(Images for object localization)
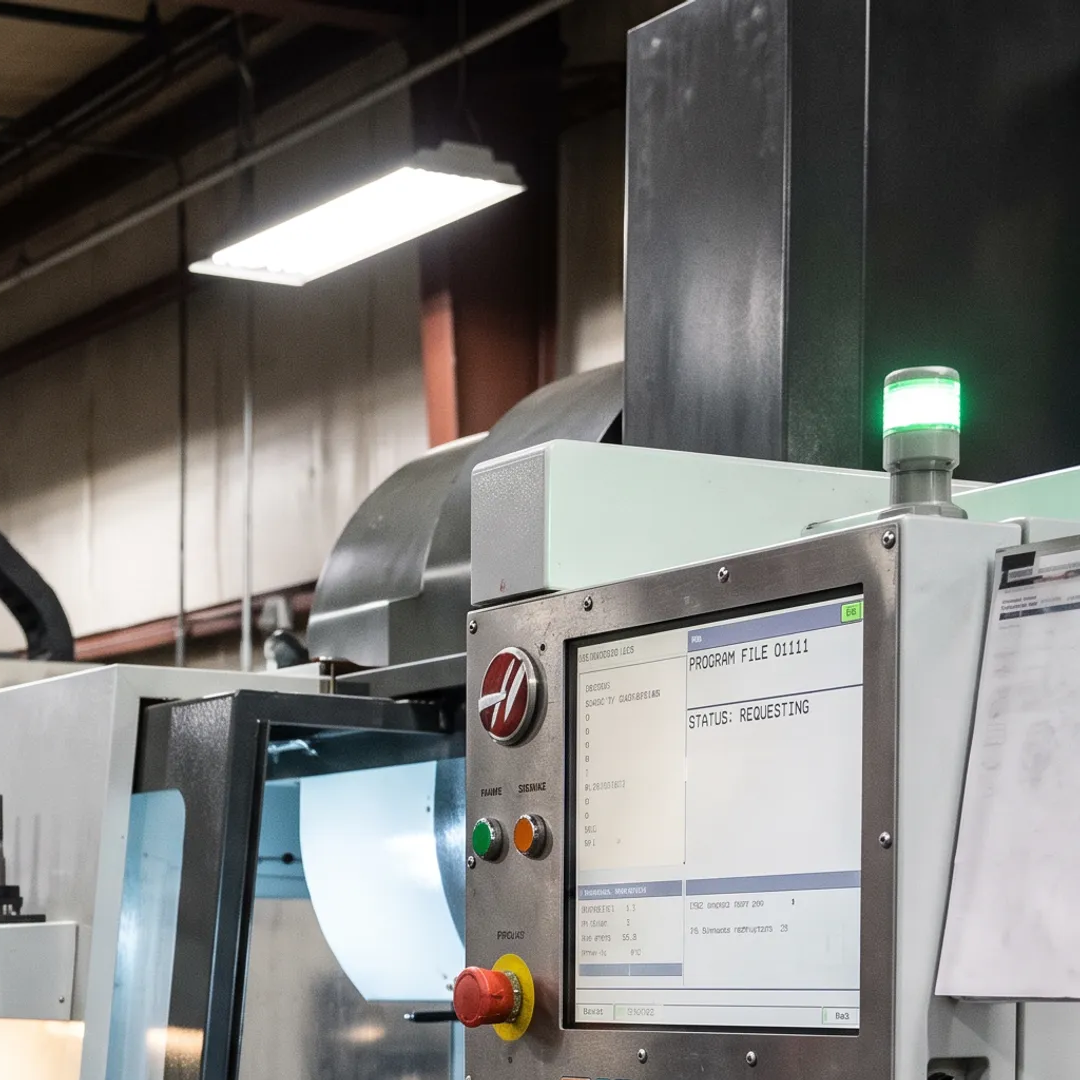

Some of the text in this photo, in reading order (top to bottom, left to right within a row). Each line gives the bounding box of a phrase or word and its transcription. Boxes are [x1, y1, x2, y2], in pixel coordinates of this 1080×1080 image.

[689, 650, 736, 671] PROGRAM
[741, 645, 768, 663] FILE
[689, 699, 810, 729] STATUS: REQUESTING
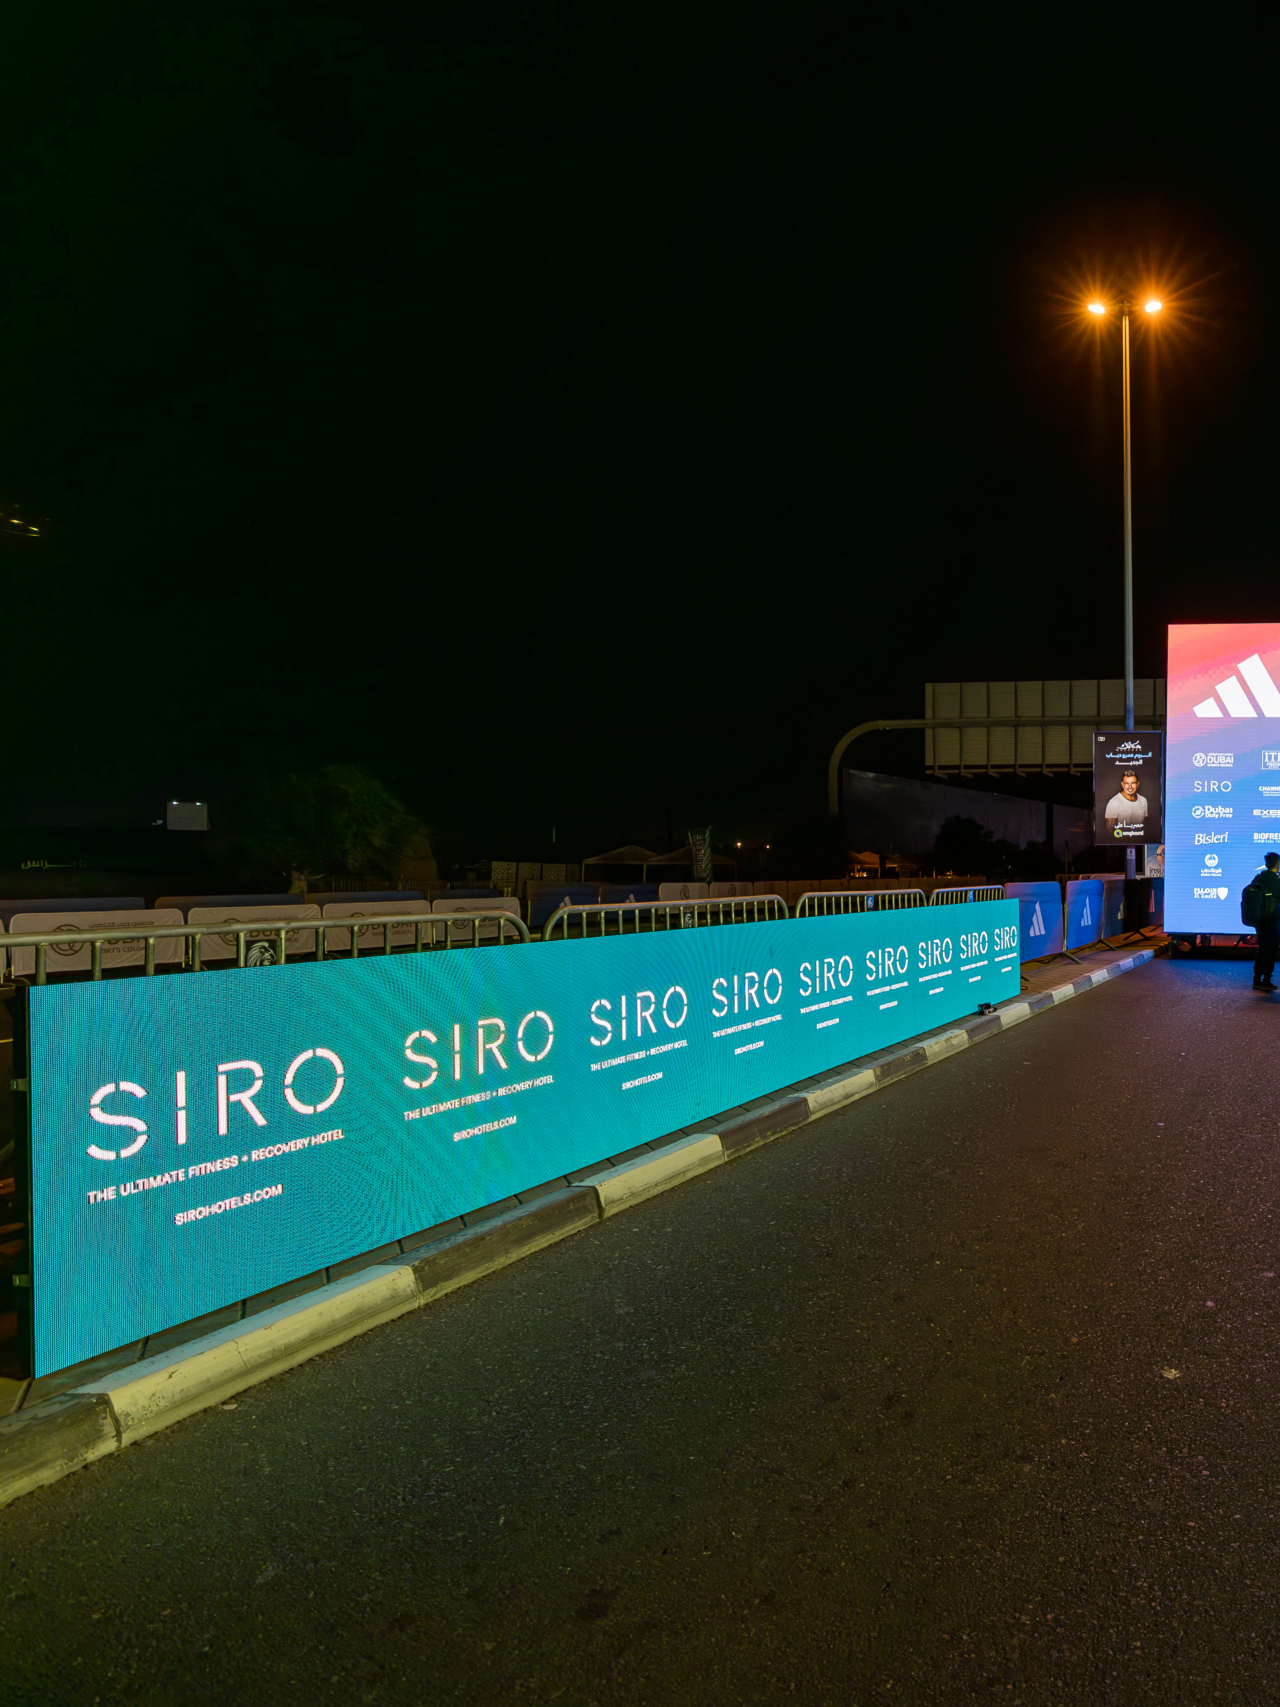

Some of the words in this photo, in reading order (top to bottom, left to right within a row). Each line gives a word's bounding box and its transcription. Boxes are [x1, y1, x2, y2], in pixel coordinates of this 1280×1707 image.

WHAT THE TASK ASKS: Please transcribe the entries exactly, omitting the images.

TASK OUTPUT:
Some of the text in this photo, in reading order (top to bottom, left to right within a row). Each line gives the bounding box of a phrase or word and its transcription. Boxes are [x1, y1, x2, y2], in pixel coordinates of this 1080×1080 image.

[689, 650, 736, 671] PROGRAM
[741, 645, 768, 663] FILE
[689, 699, 810, 729] STATUS: REQUESTING

Some of the words in this photo, in reading order (top to bottom, left to right within a row). Each line gives a word's bounding box and its transcription. Boxes are [x1, y1, x2, y2], in pixel coordinates of this 1280×1707 image.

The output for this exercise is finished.